LONDON — For Carolee Schneemann, the personal was political. She saw the body — in particular, her own body — as inextricably entwined with its physical and sociopolitical environment, and therefore as a primary site for both understanding the world and taking a stance of resistance. In the first UK survey of her work, Carolee Schneemann: Body Politics at the Barbican Centre, the artist’s body politics are shown to be radical, wild, and challenging.
Although she started her career in what she called the “Art Stud Club” of 1950s New York, an incubator of Abstract Expressionism, she quickly moved beyond the boundaries of the canvas to explore sculpture, kinetic elements, and performances utilizing her own body. It is interesting to learn from the exhibition’s opening displays that Schneemann fundamentally saw herself as a painter; many of her early abstract canvases feel dated today, but they help contextualize her later performative works involving mark making with mud, menstrual blood, or poured paint as continuations of this tradition.
The exhibition demonstrates that the early 1960s were remarkably productive for Schneemann. In 1964 she created her iconic work “Meat Joy,” in which a group of performers clad in fur underwear writhe around together onstage, dripping paint on each other and caressing dead fish and plucked chickens. Captured on grainy film, the piece is both riotously erotic and repulsive. At the time it was considered illicit; a performance in London resulted in a police raid and the dancers being smuggled away under blankets on the floors of waiting cars. Today, “Meat Joy” has not lost its edge, though contemporary audiences might be more uncertain about the morality of using the bodies of animals than about the nudity and sexual overtones.
Nakedness is a key trope throughout Schneemann’s oeuvre. She frequently appears nude in her performances and photographs, for which she has been both praised and criticized by feminist commentators. Through her art she repeatedly asserts her right to do what she wants with her own body and to display it openly without shame or inhibition. Some feminist peers, however, argued that her work was narcissistic and problematically replicated standard Euro-American conventions of beauty under the masculine gaze by displaying her young, white, slim body. She responded that she was concerned with whether she could be “both an image and an image maker”; by making marks on or with her own body, she challenged the positioning of women as passive subjects. She once wrote: “I do not ‘show’ my naked body! I AM BEING MY BODY.”
Schneemann is perhaps most famous for her 1975 performance “Interior Scroll,” in which she posed nude before reading from her text “Woman in the Year 2000,” a manifesto that envisions an era when women are able to make art without discrimination. She then pulled a scroll from her vagina containing another text. Her actions laid bare the continuity between the female body, feminist writing, and sociopolitical acts of protest.

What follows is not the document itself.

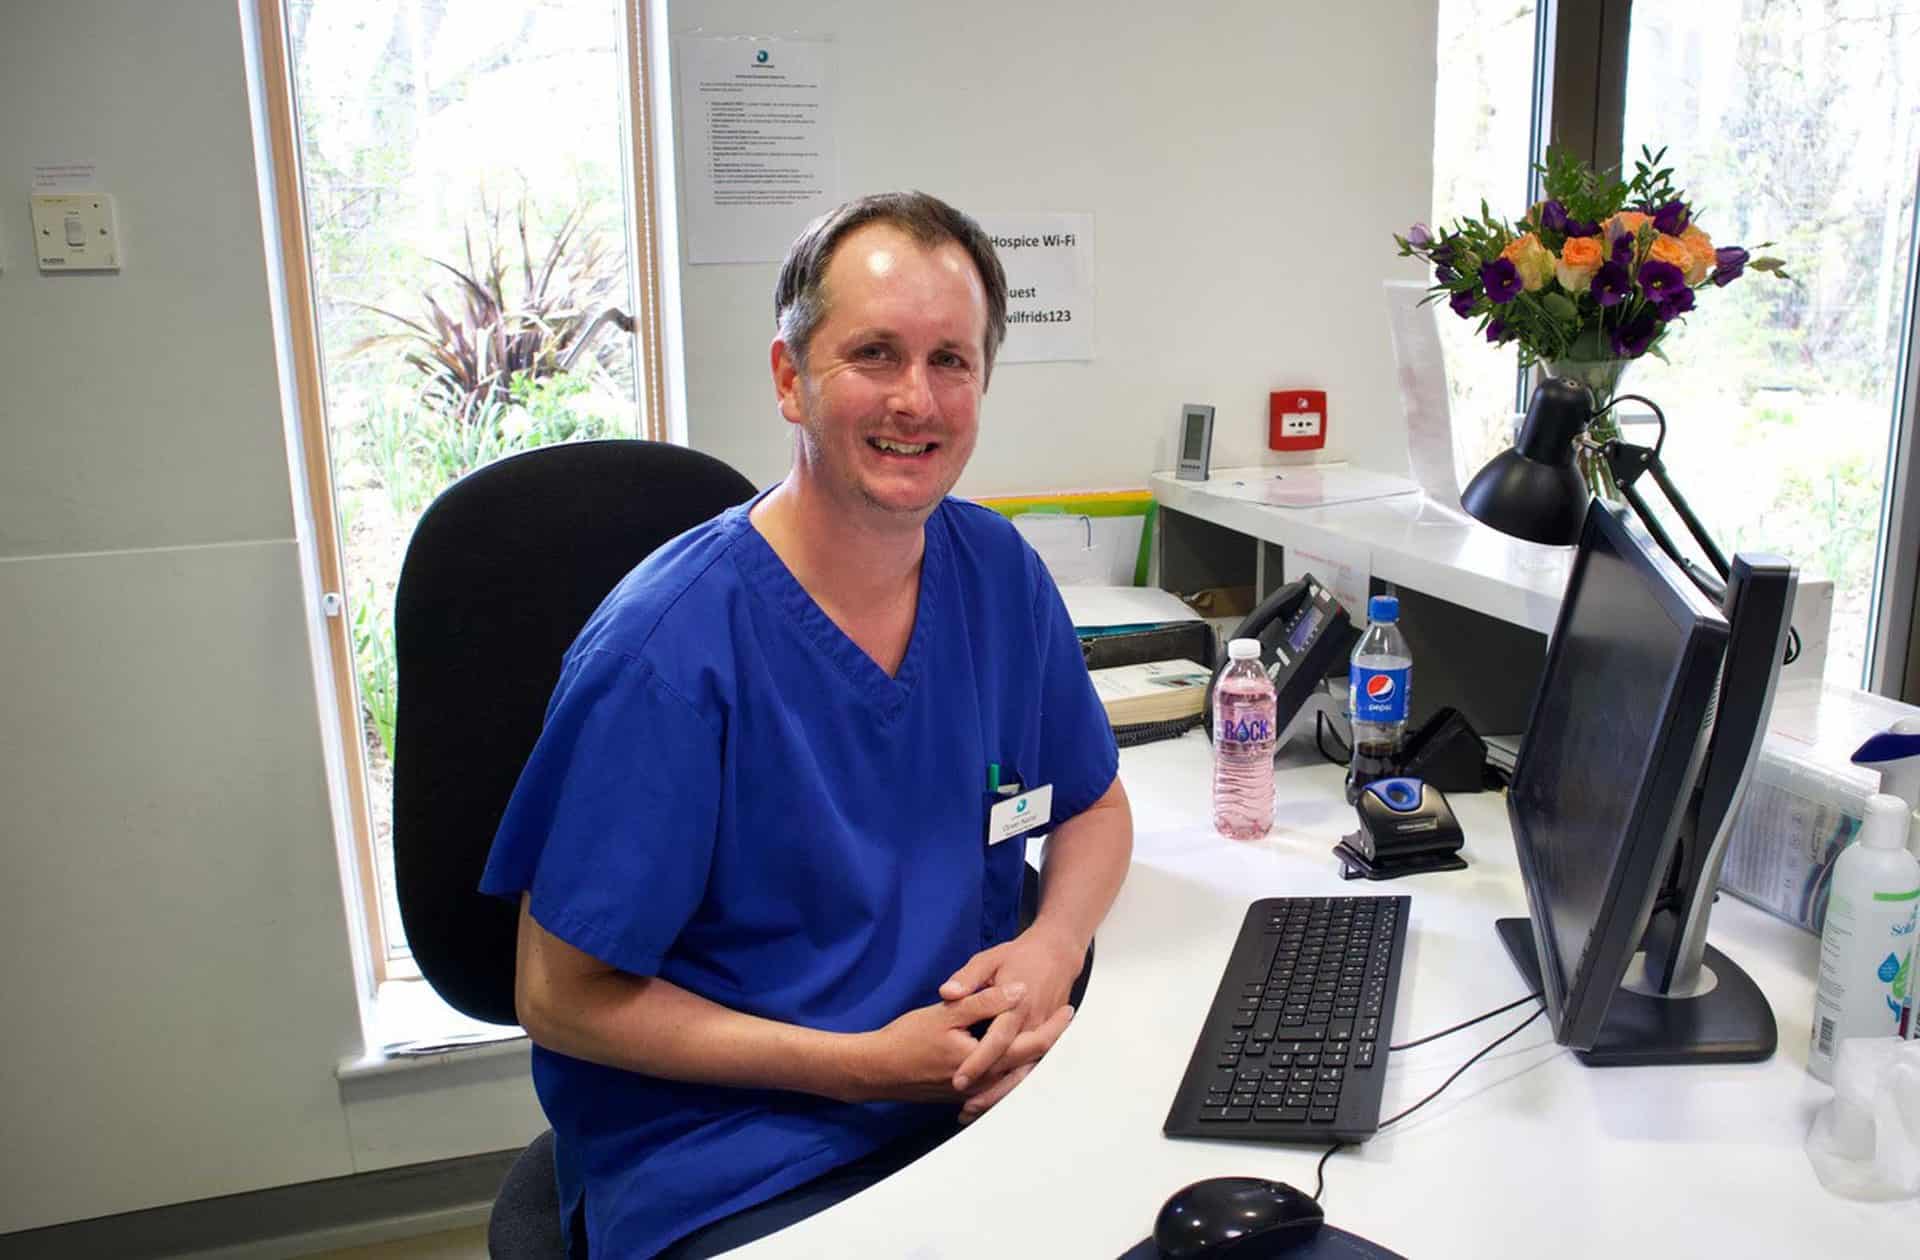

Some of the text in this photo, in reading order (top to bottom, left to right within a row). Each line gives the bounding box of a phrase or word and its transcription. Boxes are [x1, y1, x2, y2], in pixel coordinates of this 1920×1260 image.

The majority of the exhibition is dedicated to Schneemann’s better-known feminist works of the 1960s and ’70s. The latter part, however, features a number of works exploring global politics. In “Viet-Flakes” and “More Wrong Things,” for instance, she sends a strong antiwar message indicting male-led violent interventions in foreign countries. The works incorporate documentary footage of war, its atrocities, and its aftermath. Schneemann draws attention to the ways that news about war is mediated, and also reminds British and American audiences of our privilege in being able to look away.
These works are hard to watch. This is, of course, a deliberate choice by Schneemann, but the decision about whether and when to look away is complicated by moral questions about what we should and shouldn’t be watching — and what should and shouldn’t have been filmed or photographed in the first place. Particularly uncomfortable are Schneemann’s highly magnified reproductions of photographs showing people jumping or falling to their deaths from the World Trade Center towers during the 9/11 terrorist attacks. A disturbing lack of consent is at play here, especially considering that the motivation of making visible the atrocities of Western military aggressors does not figure in this case.
Schneemann’s 1995 work “Known/Unknown: Plague Column” is a more engaging integration of her trademark preoccupation with her own body and wider issues. The piece explores her experience of breast cancer and non-Hodgkin’s lymphoma, as well as confronting the gendered history of Western medicine and the hidden aesthetics of cancer treatment. The installation features enlarged images of her mutating cells along with videos of breast examinations, fruit being squeezed, and the artist having sex. Oranges are suspended alongside hypodermic needles, in reference to her experience of practicing injections on fruit before trying them on her own body. “Known/Unknown: Plague Column” also includes texts and images that call upon her research into how illness has traditionally been figured as feminine and “other,” with allusions to the persecution of witches and women with healing practices; the work demonstrates how society has attempted to control women and their bodies for generations. Schneemann battled cancer until her death in 2019.
Schneemann’s work proves over and over again the interrelation of the personal and the political. Stemming from her revolutionary use of her own body as both subject and object, she offers a theory of body politics that still feels bold today. Often challenging and sometimes problematic, this survey of her work unapologetically prompts debate and probes the darkest sides of humanity.
Carolee Schneemann: Body Politics continues at the Barbican Art Gallery (Silk Street, London, England) through January 8, 2023. The exhibition was curated by Lotte Johnson, with Chris Bayley and Amber Li.